Nice how long did it take?


----------



## aussiemuscle308 (Dec 2, 2014)

Tickets79 said:


> am planning to use 0.03mm styrene sheet for the base shape, and then to use millput to create the thickness and curves. Would this work ok or is there an easier way?


That is probably how i would do it. i can't think of an easier way


----------



## Tickets79 (Feb 22, 2020)

Well it took me a while but I found the closest style of wheel needed for the build. And at a bargain also!!! Deep set rims close to the style of the original.
Resin has been placed for the wheel arches so just waiting for that to dry and I can crack on shaping and sanding.
Also attempting to make my own sport seats. Will need to work on this a bit to try and get it as close to the Sparco seats as possible.


----------



## Tickets79 (Feb 22, 2020)

That's it for the weekend. Next step to start in the interior and roll cage. Does anyone have any tips on how to work out the roll cage angles?
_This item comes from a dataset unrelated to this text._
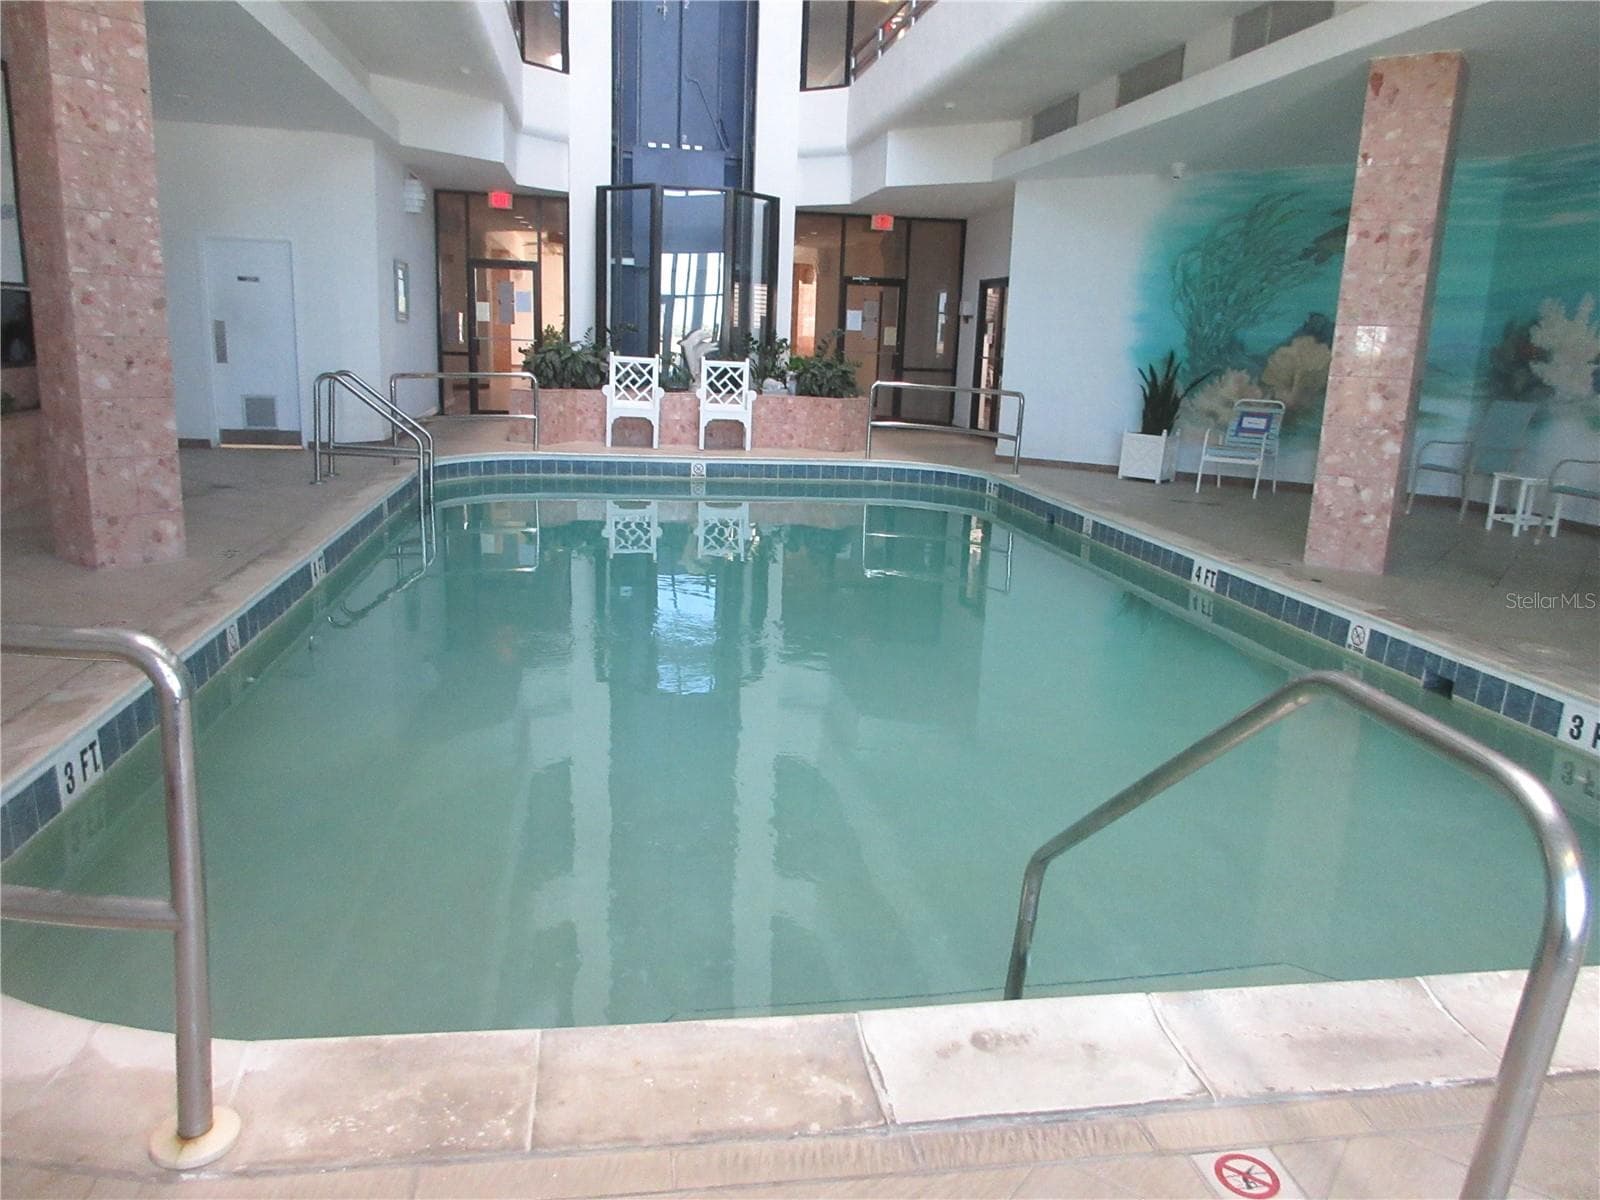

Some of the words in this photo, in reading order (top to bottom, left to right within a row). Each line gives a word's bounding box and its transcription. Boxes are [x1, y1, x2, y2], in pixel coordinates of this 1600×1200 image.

So nothing touches the car body.


----------



## Milton Fox Racing (May 27, 2014)

Just like in a 1:1 careful measurements. The advantage you will have is the ability to dry fit the body, passenger section, window and the roll bar pieces together to do the final assembly. My tips would differ depending on the material you are going to use for the roll bar pieces. Solder wire would be my preference to work with though. ?


----------



## Tickets79 (Feb 22, 2020)

Milton Fox Racing said:


> Just like in a 1:1 careful measurements. The advantage you will have is the ability to dry fit the body, passenger section, window and the roll bar pieces together to do the final assembly. My tips would differ depending on the material you are going to use for the roll bar pieces. Solder wire would be my preference to work with though. ?


Solder wire sounds like a good idea. Didn't think of using that.


----------



## Milton Fox Racing (May 27, 2014)

If you go with solder you can also make brass tube fittings to fit the pieces together and as mounting points. That will make it a little less fragile. Wire insulation will also work as fittings but is a bit wobbly still.
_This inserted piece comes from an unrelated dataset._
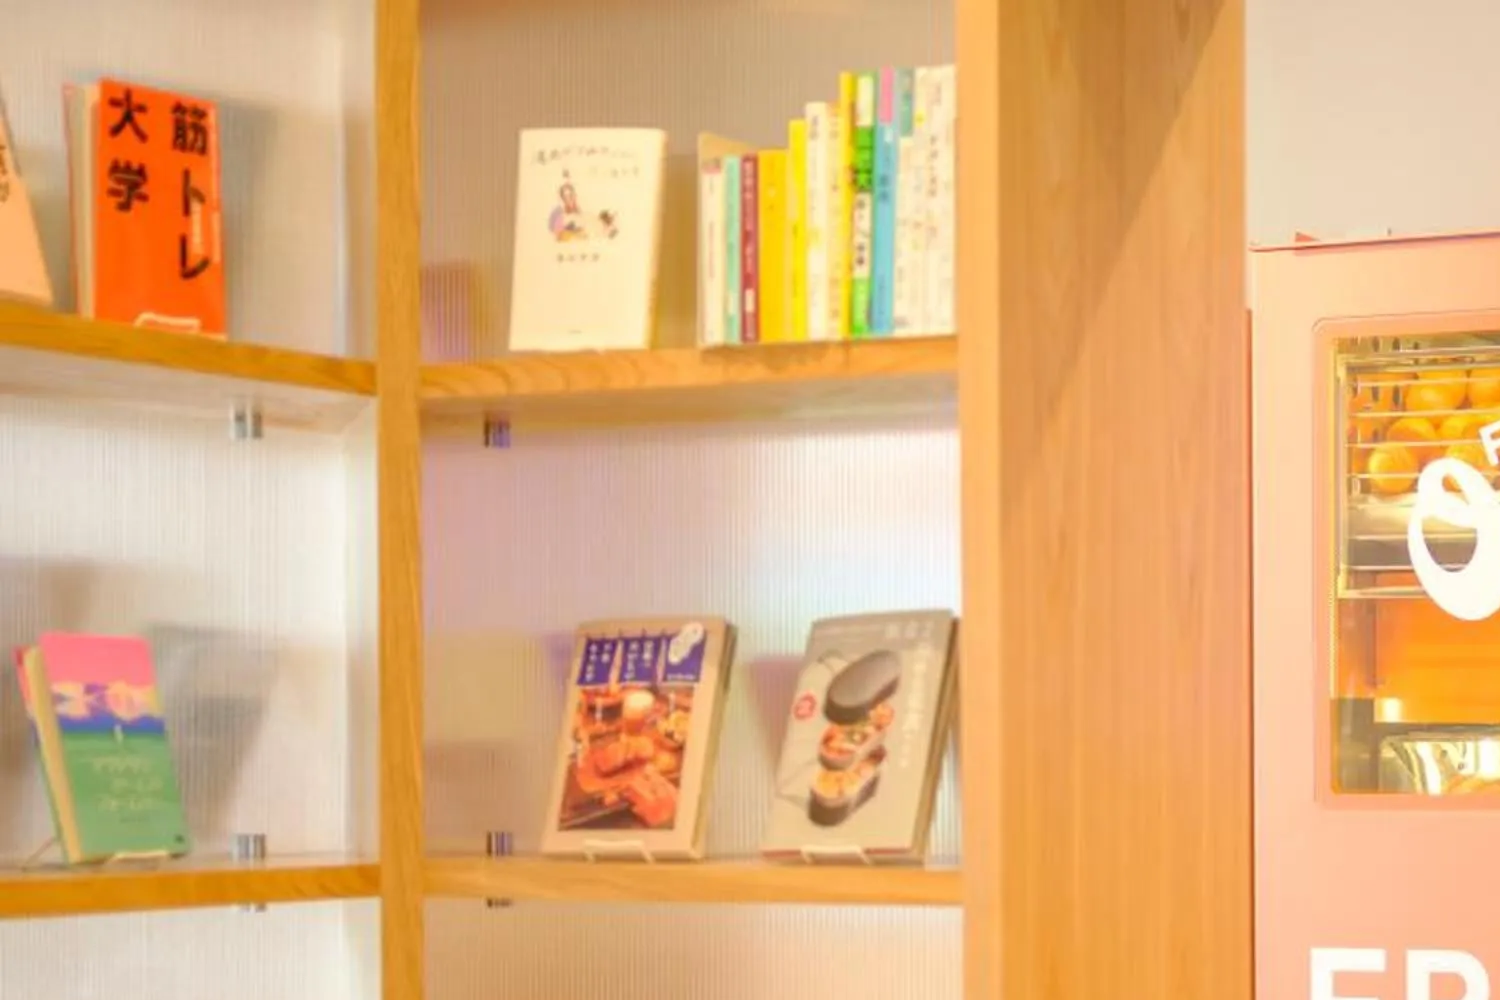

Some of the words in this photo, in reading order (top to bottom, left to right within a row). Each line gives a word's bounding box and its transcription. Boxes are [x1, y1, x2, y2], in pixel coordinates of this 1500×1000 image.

[107, 87, 149, 213] 大学
[170, 101, 210, 280] 筋トレ
(Are you also thinking of insulated single strand wire now instead of solder?)

I also have used Elmers glue before. And now Loc Tites indoor adhesive, to hold the pieces together for test fits both with and without the fittings. Sometimes you can leave that in place if it is not to visible.


----------



## Tickets79 (Feb 22, 2020)

I'm still unsure with the visibility side. I'm torn between a do and don't remove the doors. It does look cool but there's the worry of miss cutting and planning out the hinges and adding internal panels to hide everything. Wire insulation sounds good also and I was at first thinking of using soft garden wire also. It can be easily bent into shape and also has that same effect as insulation does. I think it all boils down to the joins but it's also making it look like the joints were almost welded together. Maybe Millput will take care of this once the pieces are glued together.
What would your recommendation be to someone who's never attempted this before?


----------



## Milton Fox Racing (May 27, 2014)

I would first build one (or several) with no intention to fit inside this model. That way you can experiment on the appearance and technique you want to use. And maybe test out different materials and which is easier to work with for you. Once you get those techniques and materials down you can better shape one to fit the driver seat area for this one. You will also probably be able to modify the test one (or one of them) to fit this model and others later on.


----------



## Tickets79 (Feb 22, 2020)

Latest update. Been working on the cockpit metalwork, console and boxed area for the Fuelsafe tank and exhaust.
Hard working from photos taken from online but the next step will be to layer cutout sections to make parts look more like it's shaped metal panel sheets, and then fill and sand any sharp edges.
It took me a while to go through YouTube videos and pausing/screenshot to get as much information as possible. Fingers crossed it all works out.


----------